Firstly, I know there are very similar questions (How to express a symmetric polynomial in terms of elementary symmetric polynomials and Expressing a symmetric polynomial in terms of elementary symmetric polynomials using computer? ) already. Unfortunately they didn't help me that much.
The task is to express some symmetric polynomials in terms of elementary symmetric polynomials. Which is always possible by a theorem which also says that if the initial polynomial is homogeneous of degree d, the resulting polynomial is isobaric of weight d.
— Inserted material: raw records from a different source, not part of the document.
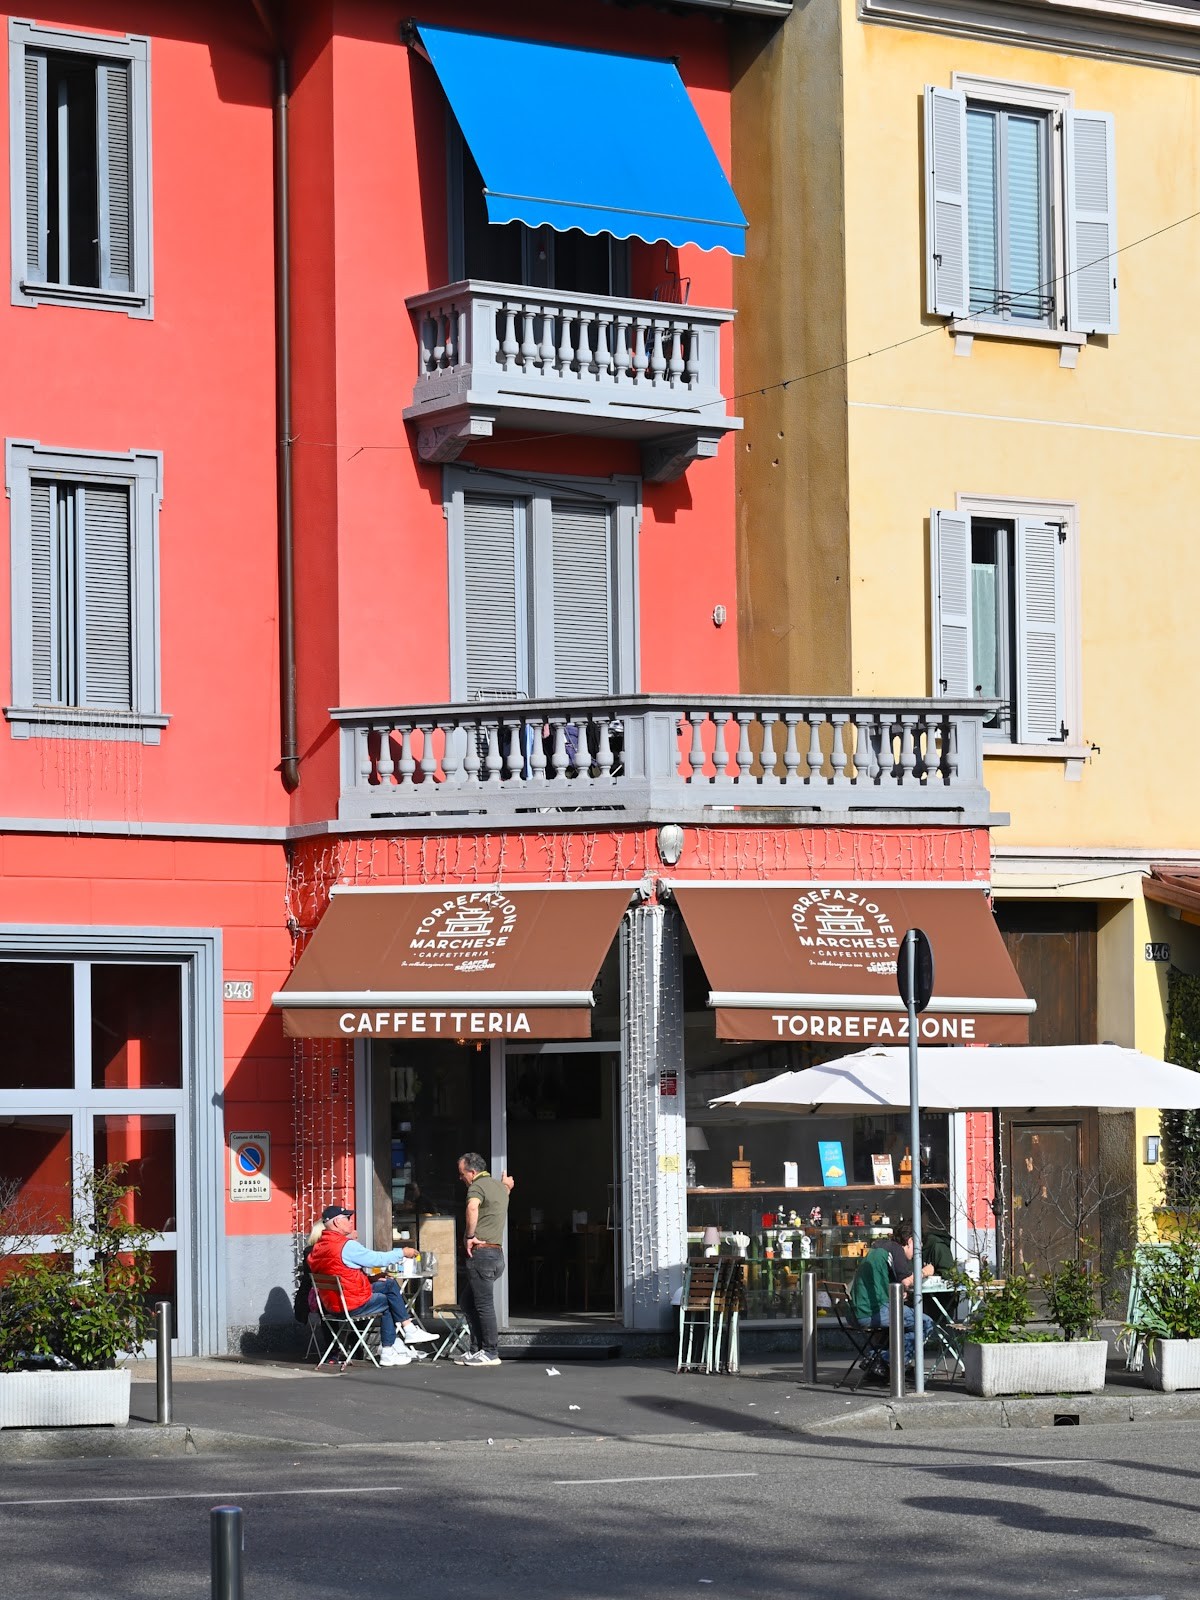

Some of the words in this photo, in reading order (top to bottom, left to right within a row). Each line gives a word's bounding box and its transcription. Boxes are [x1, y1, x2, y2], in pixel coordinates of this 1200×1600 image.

[415, 892, 517, 936] TORREFAZIONE
[791, 888, 894, 934] TORREFAZIONE
[409, 936, 509, 949] MARCHESE
[798, 935, 900, 949] MARCHESE
[418, 950, 489, 958] CAFFETTERIA
[818, 949, 890, 958] CAFFETTERIA
[1145, 944, 1169, 960] 346
[224, 981, 252, 999] 348
[338, 1012, 531, 1034] CAFFETTERIA
[772, 1014, 976, 1039] TORREFAZIONE
For example $\sum_{i=1}^n x_i=S_1 $
$\sum_{i=1}^n x_i^2=S_1^2-2S_2$ because $\left(\sum_{i=1}^n x_i\right)^2=\sum_{i=1}^n x_i^2 + 2 \sum_{1\leq k < l \leq n}x_{k}x_l=S_1^2 +2S_2$
The case $\sum_{i=1}^n x_i^3$ is already significantly more complicated: One sees that $$S_1(S_1^2-2S_2)=\sum_{i=1}^n x_i^3+\sum_{r \neq s} x_{r} x_s^2$$ then $$S_1S_2=\sum_{i}x_i \cdot \sum_{r<s}x_r x_s=\sum_{r<s}x_r^2x_s+\sum_{r<s}x_r x_s^2+ \sum_{r<s \\ i \neq r,s}x_i x_r x_s=\sum_{r \neq s} x_{r} x_s^2+3S_3$$ Which gives us $\sum_{i=1}^n x_i^3=S_1^3-3S_1S_2+3S_3$
In the exercises it is asked to reshape other polynomials such as $\sum_{i \neq j } x_i^3 x_j$ and $\sum_{i=1}^n x_i^4$. The solutions of the exercises give the solutions after the first step, as if it was trivial. Personally I'm struggling a lot handling these expressions, am I missing something?
I would like to get some suggestions on how to learn solving these exercises. The theorem above gives some hints on how to choose the possible symmetric elementary polynomials, since they have to satisfy that relation. But how to find the coefficients in general?
Any suggestion is very much welcome.